DIRECTIONS FOR THIS TASK: Write out every entry, unchanged. Skip any picture.

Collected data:
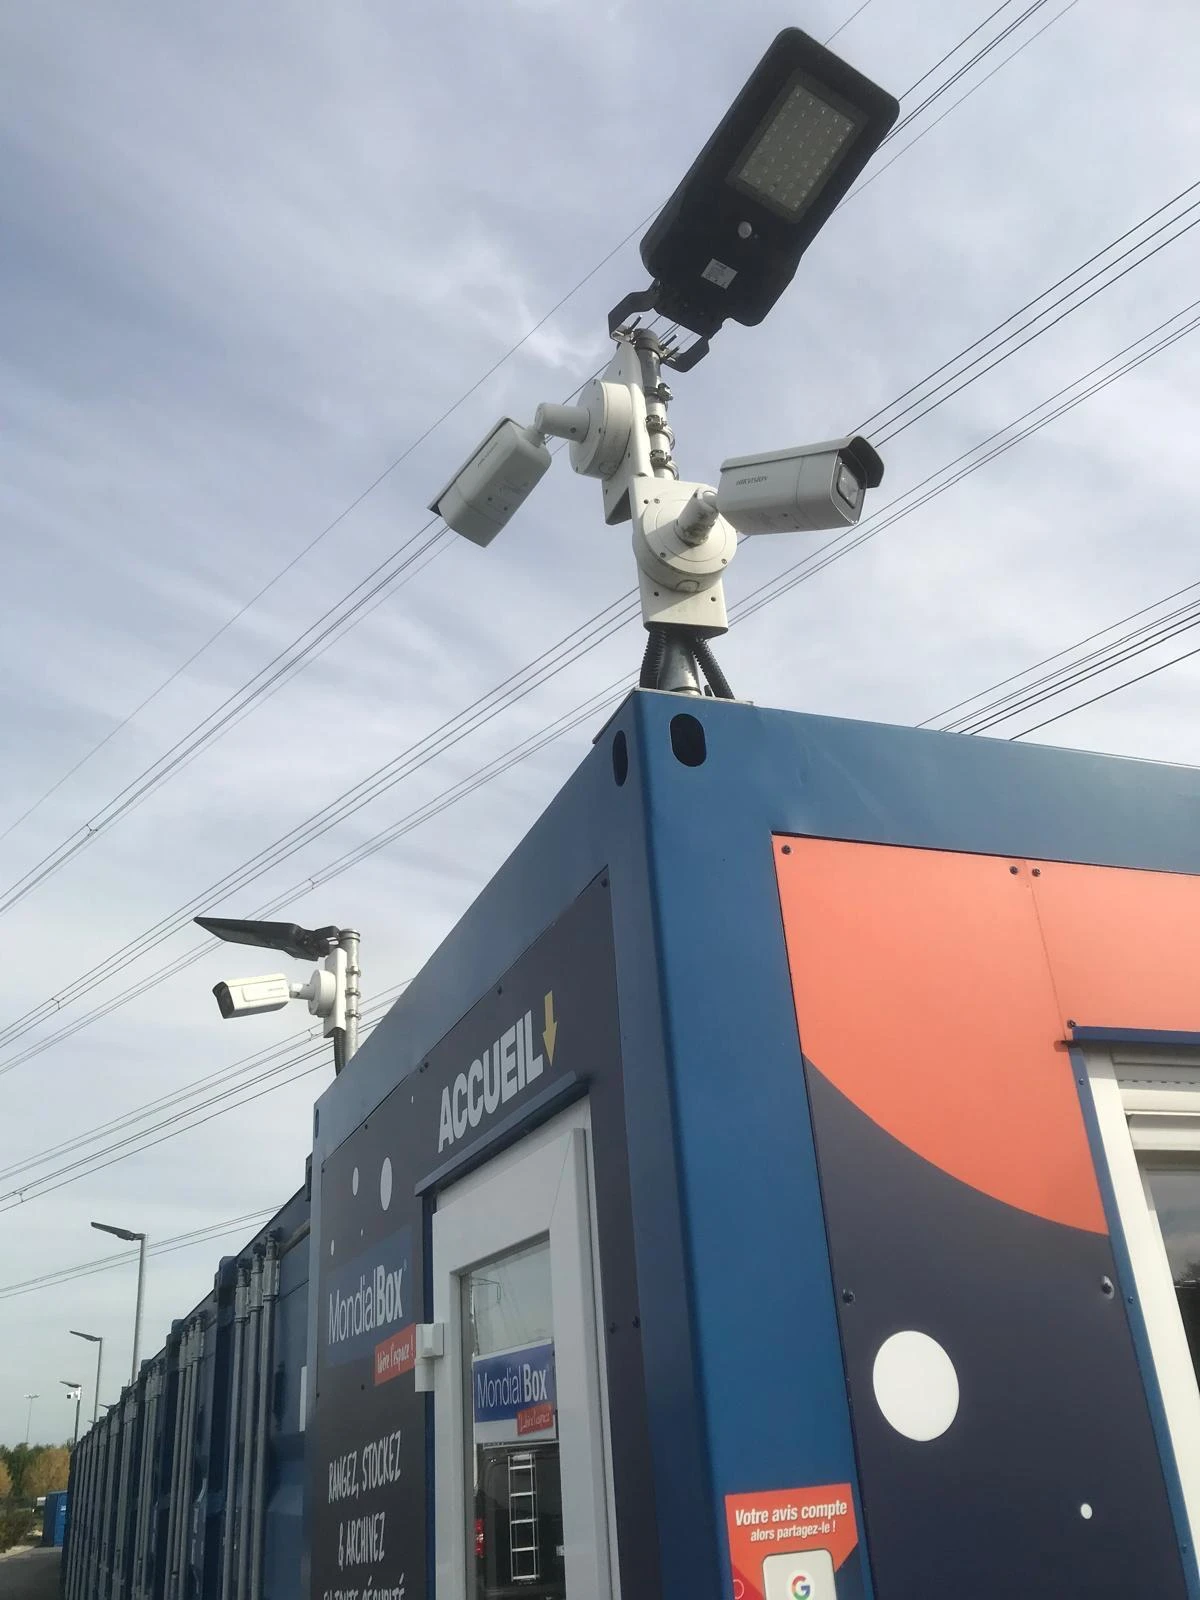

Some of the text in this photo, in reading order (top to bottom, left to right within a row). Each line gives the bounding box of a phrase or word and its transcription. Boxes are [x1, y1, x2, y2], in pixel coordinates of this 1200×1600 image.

[438, 1010, 543, 1153] ACCUEIL
[328, 1265, 403, 1345] MondialBox
[328, 1430, 401, 1504] RANGEZ, STOCKEZ
[338, 1512, 385, 1572] & ARCHIVEZ
[735, 1500, 847, 1526] Votre avis compte
[750, 1529, 774, 1542] alors
[777, 1521, 830, 1541] partagez-le
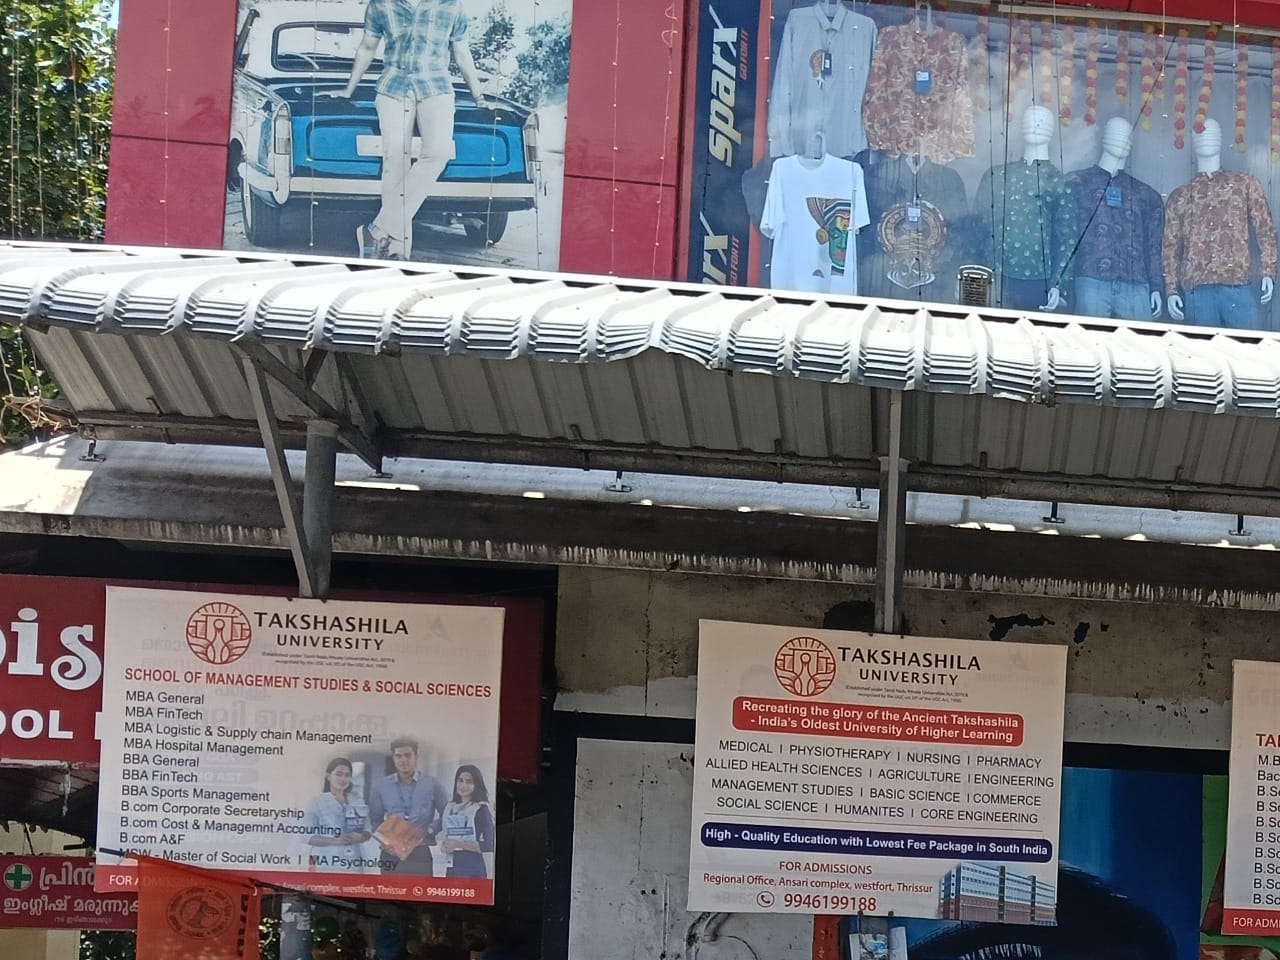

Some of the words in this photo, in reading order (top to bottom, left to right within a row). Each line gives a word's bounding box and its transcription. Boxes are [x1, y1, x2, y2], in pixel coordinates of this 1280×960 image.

[739, 68, 747, 80] GO
[708, 3, 742, 168] sparx
[255, 611, 408, 636] TAKSHASHILA
[0, 607, 102, 691] is
[277, 634, 384, 652] UNIVERSITY
[838, 646, 981, 671] TAKSHASHILA
[125, 668, 181, 683] SCHOOL
[186, 670, 203, 684] OF
[205, 671, 300, 690] MANAGEMENT
[303, 676, 360, 692] STUDIES
[363, 679, 372, 692] &
[375, 680, 424, 695] SOCIAL
[427, 682, 492, 698] SCIENCES
[859, 668, 959, 686] UNIVERSITY
[126, 690, 154, 703] MBA
[157, 691, 205, 705] General
[742, 700, 806, 717] Recreating
[810, 704, 828, 717] the
[833, 706, 860, 721] glory
[864, 708, 878, 720] of
[881, 709, 899, 722] the
[902, 710, 947, 725] Ancient
[951, 713, 1018, 729] Takshashila
[719, 739, 773, 754] MEDICAL
[789, 744, 891, 761] PHYSIOTHERAPY
[907, 752, 961, 765] NURSING
[977, 755, 1042, 769] PHARMACY
[122, 785, 148, 798] BBA
[151, 786, 189, 803] Sports
[192, 787, 270, 804] Management
[779, 860, 801, 872] FOR
[804, 862, 872, 875] ADMISSIONS
[426, 887, 476, 899] 9946199188
[784, 893, 877, 912] 9946199188
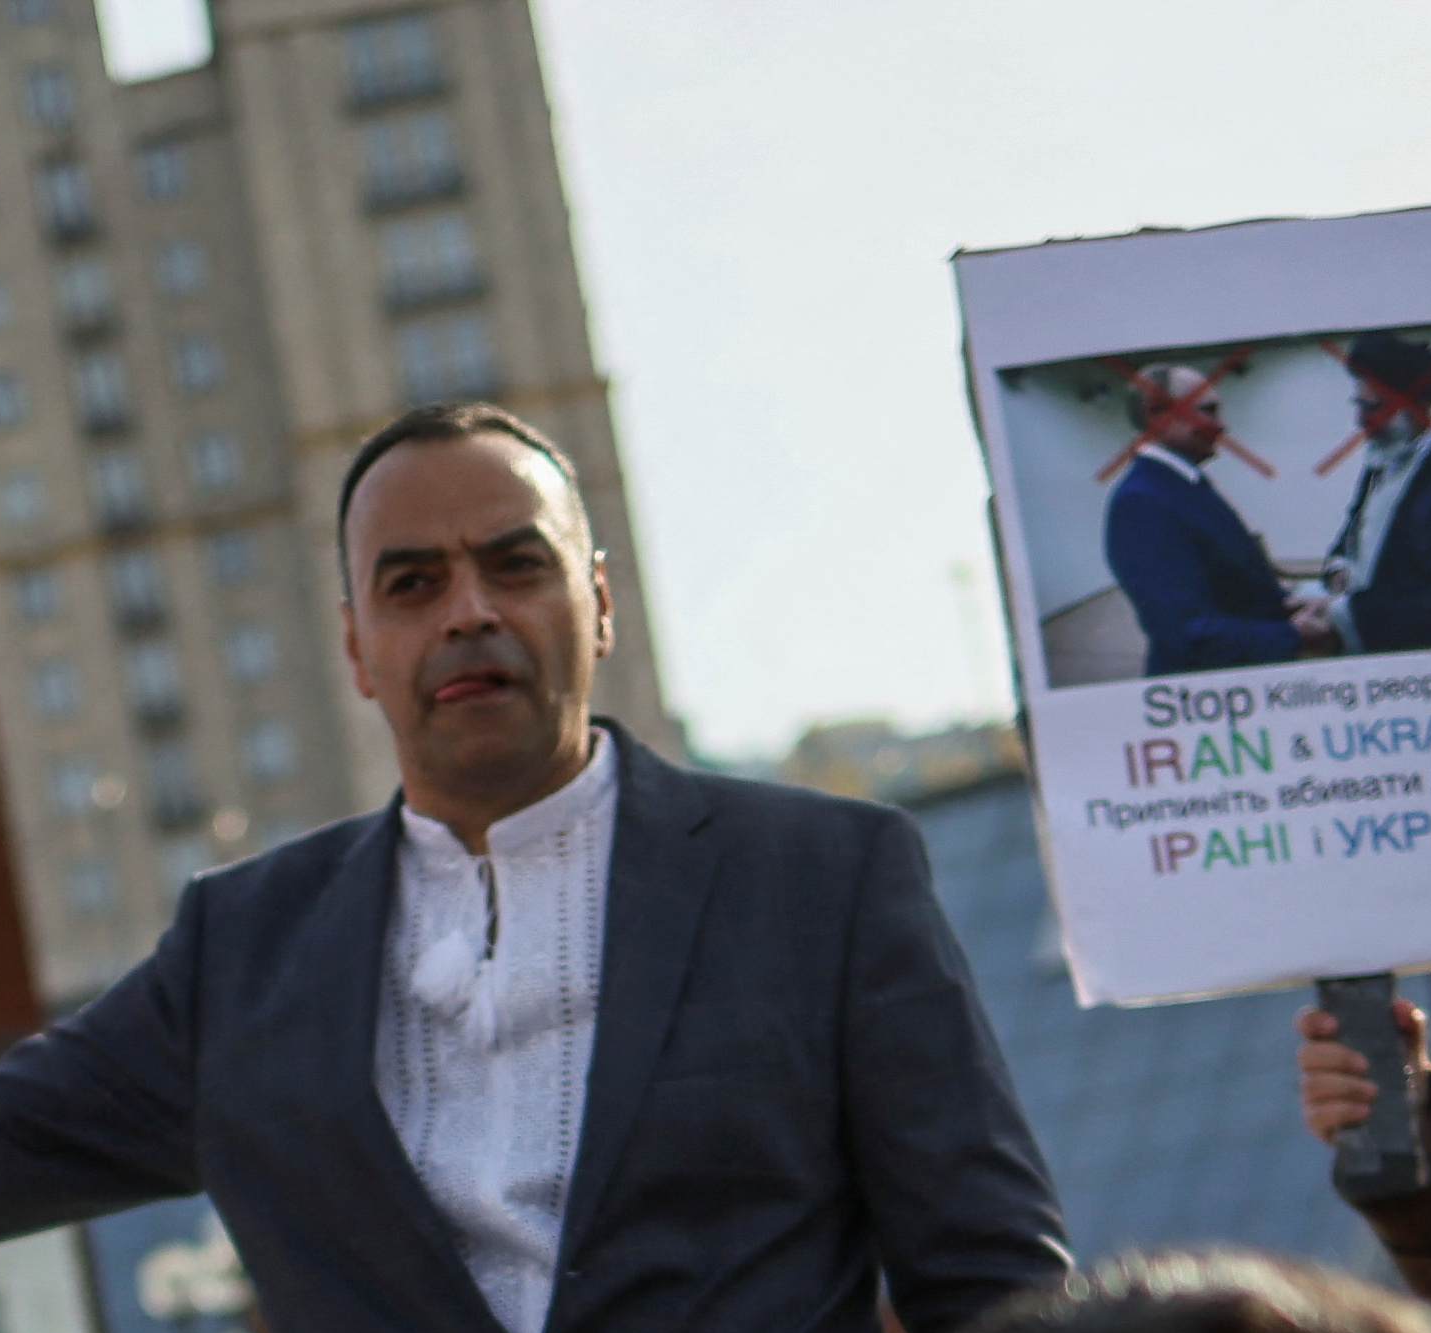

RESULT OF THIS EXERCISE:
Some of the text in this photo, in reading order (top to bottom, left to right within a row). Each line gives the bounding box of a phrase or word and its transcription. Boxes are [x1, y1, x2, y2], in pixel coordinates of this 1200×1600 image.

[438, 1010, 543, 1153] ACCUEIL
[328, 1265, 403, 1345] MondialBox
[328, 1430, 401, 1504] RANGEZ, STOCKEZ
[338, 1512, 385, 1572] & ARCHIVEZ
[735, 1500, 847, 1526] Votre avis compte
[750, 1529, 774, 1542] alors
[777, 1521, 830, 1541] partagez-le

Some of the words in this photo, in reading order (top to bottom, left to right within a row). Each line gives a word's bounding box and its transcription. Boxes are [x1, y1, x2, y2], in pixel coordinates of this 1280×960 image.

[739, 68, 747, 80] GO
[708, 3, 742, 168] sparx
[255, 611, 408, 636] TAKSHASHILA
[0, 607, 102, 691] is
[277, 634, 384, 652] UNIVERSITY
[838, 646, 981, 671] TAKSHASHILA
[125, 668, 181, 683] SCHOOL
[186, 670, 203, 684] OF
[205, 671, 300, 690] MANAGEMENT
[303, 676, 360, 692] STUDIES
[363, 679, 372, 692] &
[375, 680, 424, 695] SOCIAL
[427, 682, 492, 698] SCIENCES
[859, 668, 959, 686] UNIVERSITY
[126, 690, 154, 703] MBA
[157, 691, 205, 705] General
[742, 700, 806, 717] Recreating
[810, 704, 828, 717] the
[833, 706, 860, 721] glory
[864, 708, 878, 720] of
[881, 709, 899, 722] the
[902, 710, 947, 725] Ancient
[951, 713, 1018, 729] Takshashila
[719, 739, 773, 754] MEDICAL
[789, 744, 891, 761] PHYSIOTHERAPY
[907, 752, 961, 765] NURSING
[977, 755, 1042, 769] PHARMACY
[122, 785, 148, 798] BBA
[151, 786, 189, 803] Sports
[192, 787, 270, 804] Management
[779, 860, 801, 872] FOR
[804, 862, 872, 875] ADMISSIONS
[426, 887, 476, 899] 9946199188
[784, 893, 877, 912] 9946199188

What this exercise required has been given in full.